Given such an active environment, autonomous agents – organisms or institutions – constantly adapt, adjust and evolve or go extinct. They adapt by experimenting with mutations called preadaptations or exaptations. According to Kauffman, these come from the adjacent possible consisting “of all those molecular species that are not members of the actual, but are one reaction step away from the actual” (Kauffman 2000, 142). In the noösphere, it is those new ideas generated by 'research & development' in the natural & engineering sciences, new ideologies generated by the humanities & social sciences including the so-called management sciences and by the new aesthetics, forms and designs thrown up by the Arts.  Economic, epistemic and biological systems expand or explore the adjacent possible as quickly as possible subject to timely selection of the fit and unfit, e.g., going out of business. Such timely selection is called ‘early visibility’ and ‘fast failing’ in the innovation literature (The Economist Oct. 11, 2007).

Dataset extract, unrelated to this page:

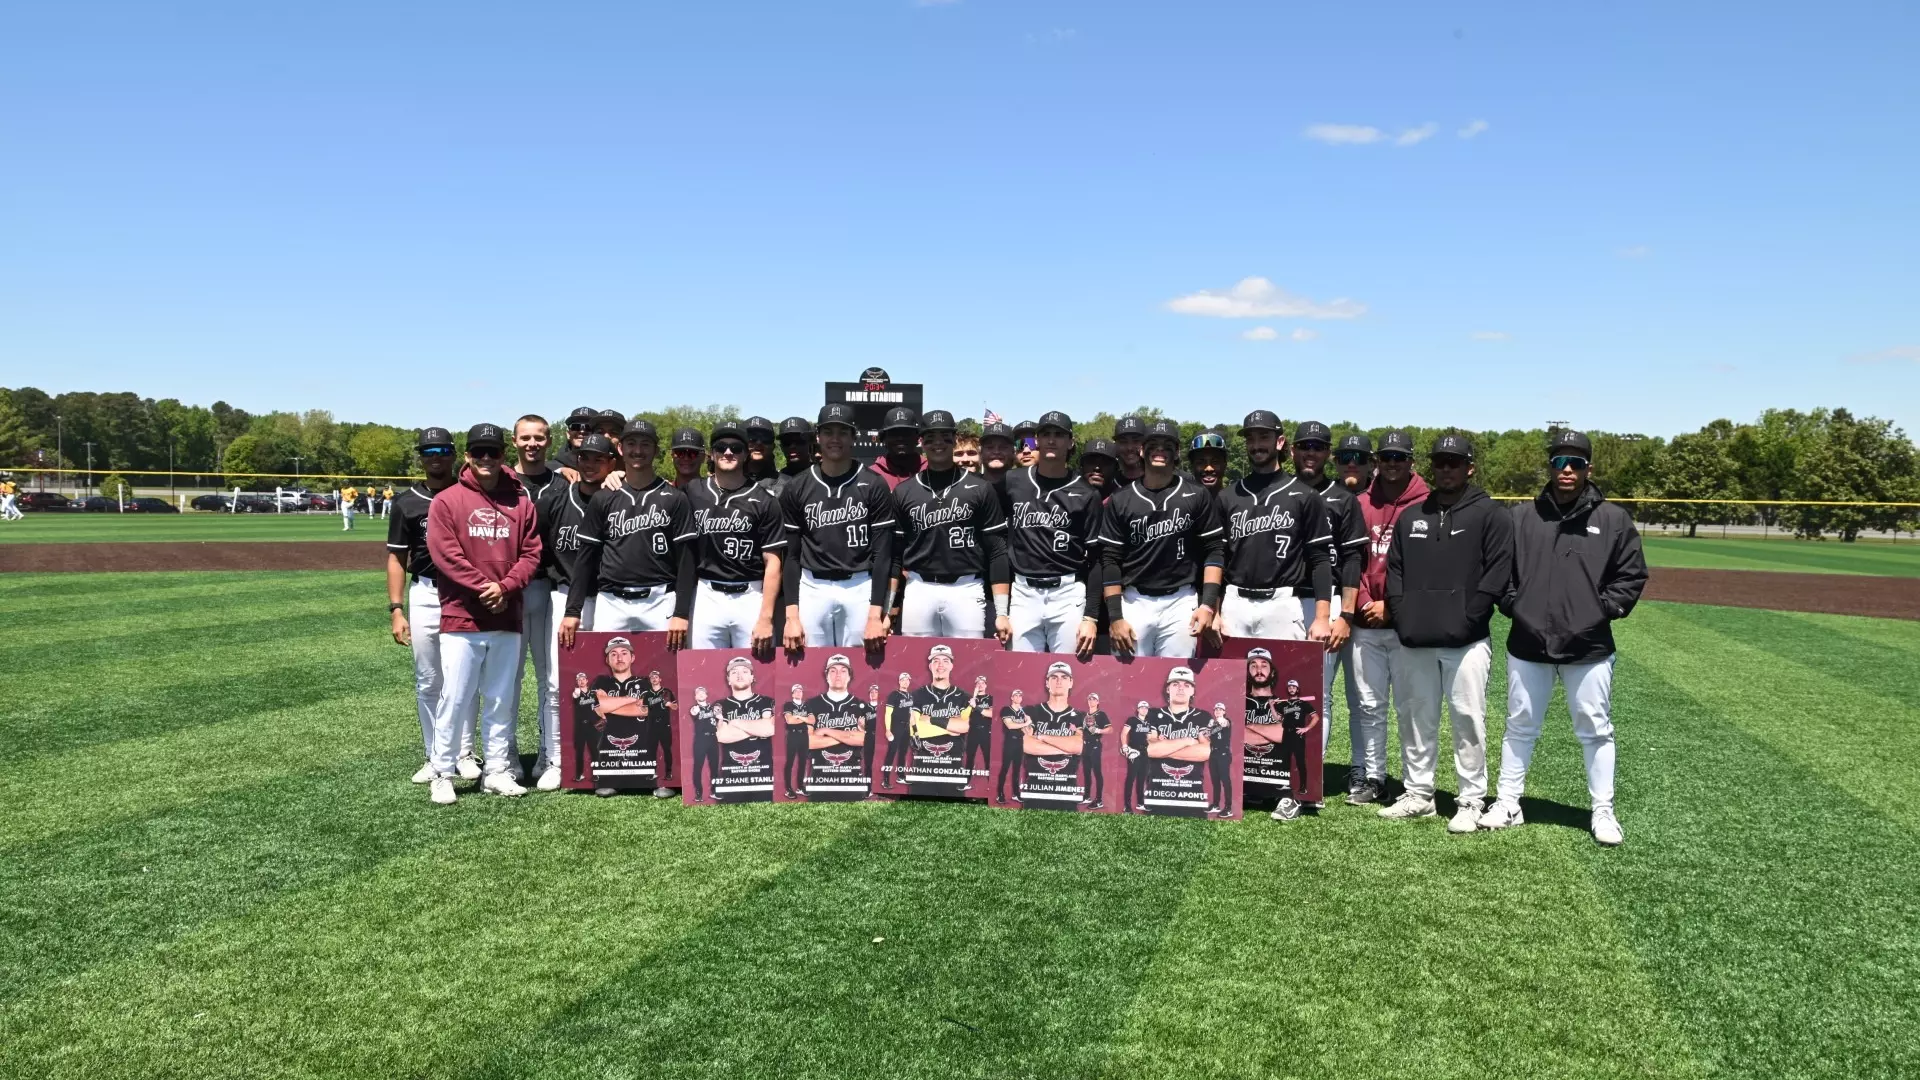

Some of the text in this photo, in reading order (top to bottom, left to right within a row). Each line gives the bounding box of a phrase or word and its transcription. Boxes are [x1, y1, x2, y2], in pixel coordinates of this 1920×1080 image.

 If selection takes too long, then fitness may decline or simply melt away. Arguably, this explains ‘de-industrialization’ of the Anglosphere. They maintained existing plant and equipment, e.g., in steel production, until fully depreciated through voluntary (and sometimes involuntary) quotas on imports from developing Asian producers who were investing in the best new technologies emerging from the adjacent possible. The fitness of the West, or rather the Anglosphere, fell, at least in terms of the traditional manufacturing-based economy.  In this sense Darwinian fitness is not simply bodily strength, intelligence, vigor or bravery vis-à-vis rivals. Rather, fitness is a compounded result of the mutual relationship between an organism and its environment including symbiotic as well as predator/prey relationships.

And symbionts can significantly enhance fitness, i.e., the probability one will survive and leave descendants.  Arguably this is what the European Union and to a lesser extent what NAFTA represent: the symbiotic survival of the nation-state in a global knowledge-based economy.

For a more detailed analysis, please see my assessment of the changing sands of sovereignty upon which the modern Nation-State rest  as well as my comparison between competitiveness and 'fitness' as a test:

 

2. Exports, Imports, Deficit & Surplus (MKM Ch. 12 all editions)

Exports are what we sell and imports are what we buy from other countries.  The balance of trade is the difference between our exports and imports.  If imports exceed exports there is a 'trade deficit' that must be financed by borrowing from abroad or selling off assets.  If exports exceed imports there is a 'trade surplus' and the difference can be used to lend to other countries or buy assets.  As will be seen trade in goods & services makes up the bulk of the 'current account' with other countries.  There is also a 'capital account'.  Together - capital and current - constitute the 'balance of payments'.

What we buy and sell includes goods and services.  Goods are fairly straight forward.  They essential include things produced by the primary and secondary sectors of the economy.  The primary  sector includes farming, fishing, forestry and mining industries.  The secondary sector involves the manufacturing industries.  The tertiary sector involves services are a little more complex.  Some are fairly obvious like tourism and transportation, e.g. a Canadian goes to France and stays in a hotel, buys restaurant food, etc. and this counts as an import; a French person comes to Canada and does the same and it counts as an export.  As they say: follow the money.  Some services are more intangible like banking and management services, engineering and design services as well as the flow of intellectual property royalties.  Furthermore, with multi- or trans-national corporations there is the problem of intra-corporate transfer pricing which involves, among other things, maximum avoidance of tax given the different jurisdictions in which they operate. 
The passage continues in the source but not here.